3. You should be clear that you really do have a tobit problem and not
one analogous to a logit or probit problem.

We see on this list examples in which -tobit- or -intreg- is being
applied to problems in which responses outside an interval [a, b] are
impossible in principle. The arguments from at least some of us are
that that kind of problem is usually much better treated as a logit or
probit or beta regression problem. (Clearly any [a, b] can be scaled
to [0, 1].)

You are repeating your question on whether you can pretend that your
problem is a standard regression problem and want to be told "right or
wrong". Who can tell?

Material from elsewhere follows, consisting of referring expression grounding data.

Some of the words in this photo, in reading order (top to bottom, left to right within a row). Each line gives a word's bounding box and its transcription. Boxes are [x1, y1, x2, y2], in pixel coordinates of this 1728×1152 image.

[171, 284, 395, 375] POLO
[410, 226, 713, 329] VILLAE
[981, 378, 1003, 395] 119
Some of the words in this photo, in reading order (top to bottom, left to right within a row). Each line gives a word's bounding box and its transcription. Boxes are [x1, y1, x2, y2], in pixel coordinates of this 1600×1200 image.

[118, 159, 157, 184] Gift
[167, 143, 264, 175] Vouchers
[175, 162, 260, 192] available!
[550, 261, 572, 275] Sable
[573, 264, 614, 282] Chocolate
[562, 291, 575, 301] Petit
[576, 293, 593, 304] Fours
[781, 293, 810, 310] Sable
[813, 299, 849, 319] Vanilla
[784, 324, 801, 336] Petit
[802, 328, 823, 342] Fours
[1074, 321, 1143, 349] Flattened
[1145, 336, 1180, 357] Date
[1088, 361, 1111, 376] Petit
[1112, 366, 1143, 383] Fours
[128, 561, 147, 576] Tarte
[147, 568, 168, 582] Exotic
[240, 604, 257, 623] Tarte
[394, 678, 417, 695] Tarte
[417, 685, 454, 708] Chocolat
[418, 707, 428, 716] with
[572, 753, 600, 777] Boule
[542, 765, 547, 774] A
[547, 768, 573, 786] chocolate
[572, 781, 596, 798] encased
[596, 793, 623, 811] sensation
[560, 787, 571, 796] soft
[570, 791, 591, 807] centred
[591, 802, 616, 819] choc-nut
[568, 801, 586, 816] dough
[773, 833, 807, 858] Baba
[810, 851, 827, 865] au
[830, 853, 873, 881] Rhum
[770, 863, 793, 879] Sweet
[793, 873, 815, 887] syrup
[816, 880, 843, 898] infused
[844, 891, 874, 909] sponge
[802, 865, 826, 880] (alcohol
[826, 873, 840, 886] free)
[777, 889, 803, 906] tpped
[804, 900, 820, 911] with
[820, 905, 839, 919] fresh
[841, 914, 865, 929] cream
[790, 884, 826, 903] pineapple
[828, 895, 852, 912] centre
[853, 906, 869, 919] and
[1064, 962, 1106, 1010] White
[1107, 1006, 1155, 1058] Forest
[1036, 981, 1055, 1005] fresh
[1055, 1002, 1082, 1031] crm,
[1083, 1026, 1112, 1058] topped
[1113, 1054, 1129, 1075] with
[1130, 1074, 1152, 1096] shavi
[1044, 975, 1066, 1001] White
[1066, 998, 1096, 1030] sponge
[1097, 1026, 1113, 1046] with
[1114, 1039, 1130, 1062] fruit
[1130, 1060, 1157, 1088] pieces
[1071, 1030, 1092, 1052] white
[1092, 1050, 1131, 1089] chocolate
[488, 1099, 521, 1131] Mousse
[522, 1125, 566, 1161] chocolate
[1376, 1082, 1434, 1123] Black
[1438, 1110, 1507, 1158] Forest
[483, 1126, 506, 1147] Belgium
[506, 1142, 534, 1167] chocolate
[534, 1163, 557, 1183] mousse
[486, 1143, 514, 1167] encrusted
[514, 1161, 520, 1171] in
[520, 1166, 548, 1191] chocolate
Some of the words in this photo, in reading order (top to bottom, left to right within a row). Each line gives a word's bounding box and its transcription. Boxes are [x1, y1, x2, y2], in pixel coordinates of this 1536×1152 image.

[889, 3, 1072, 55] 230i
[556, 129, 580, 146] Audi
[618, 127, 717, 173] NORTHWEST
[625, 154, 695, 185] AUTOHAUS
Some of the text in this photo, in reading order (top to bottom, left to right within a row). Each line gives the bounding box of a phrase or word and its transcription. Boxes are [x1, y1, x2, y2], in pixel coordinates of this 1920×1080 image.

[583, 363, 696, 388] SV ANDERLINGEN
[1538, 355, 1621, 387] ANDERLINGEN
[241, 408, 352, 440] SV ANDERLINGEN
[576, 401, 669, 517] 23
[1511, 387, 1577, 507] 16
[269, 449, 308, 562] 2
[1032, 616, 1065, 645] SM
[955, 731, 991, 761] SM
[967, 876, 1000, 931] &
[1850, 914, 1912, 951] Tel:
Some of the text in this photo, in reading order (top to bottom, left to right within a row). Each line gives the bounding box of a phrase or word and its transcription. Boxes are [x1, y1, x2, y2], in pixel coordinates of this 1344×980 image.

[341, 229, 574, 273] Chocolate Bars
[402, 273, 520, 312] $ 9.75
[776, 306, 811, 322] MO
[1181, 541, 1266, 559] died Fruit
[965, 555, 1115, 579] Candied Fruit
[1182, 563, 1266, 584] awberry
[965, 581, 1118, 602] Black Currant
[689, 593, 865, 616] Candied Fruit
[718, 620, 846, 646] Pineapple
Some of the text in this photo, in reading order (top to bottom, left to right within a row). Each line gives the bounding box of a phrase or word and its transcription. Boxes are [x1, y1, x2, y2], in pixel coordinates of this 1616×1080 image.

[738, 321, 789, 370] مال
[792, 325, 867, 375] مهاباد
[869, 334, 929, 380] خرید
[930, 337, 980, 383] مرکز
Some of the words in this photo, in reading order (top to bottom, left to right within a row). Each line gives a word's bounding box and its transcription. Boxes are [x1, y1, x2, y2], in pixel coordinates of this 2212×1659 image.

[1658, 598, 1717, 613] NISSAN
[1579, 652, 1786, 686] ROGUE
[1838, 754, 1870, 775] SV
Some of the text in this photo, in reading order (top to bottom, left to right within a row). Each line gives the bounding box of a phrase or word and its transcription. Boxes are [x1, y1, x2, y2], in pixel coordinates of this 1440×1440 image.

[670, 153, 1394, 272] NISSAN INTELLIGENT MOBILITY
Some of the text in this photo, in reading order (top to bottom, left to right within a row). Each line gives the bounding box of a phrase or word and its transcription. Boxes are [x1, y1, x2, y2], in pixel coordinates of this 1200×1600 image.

Perhaps it would be a decent approximation;
perhaps it would be lousy. We don't have your data to try it out. But
my view is that if you have a bounded response, you should be
respectful of those bounds in all your analysis. I wouldn't be
impressed at that kind of treatment if I were a reviewer of your paper
(examiner of your thesis, whatever).

Nick

(I am deliberately avoiding "censored" or "truncated" as terms of art,
partly because of the first point I made.)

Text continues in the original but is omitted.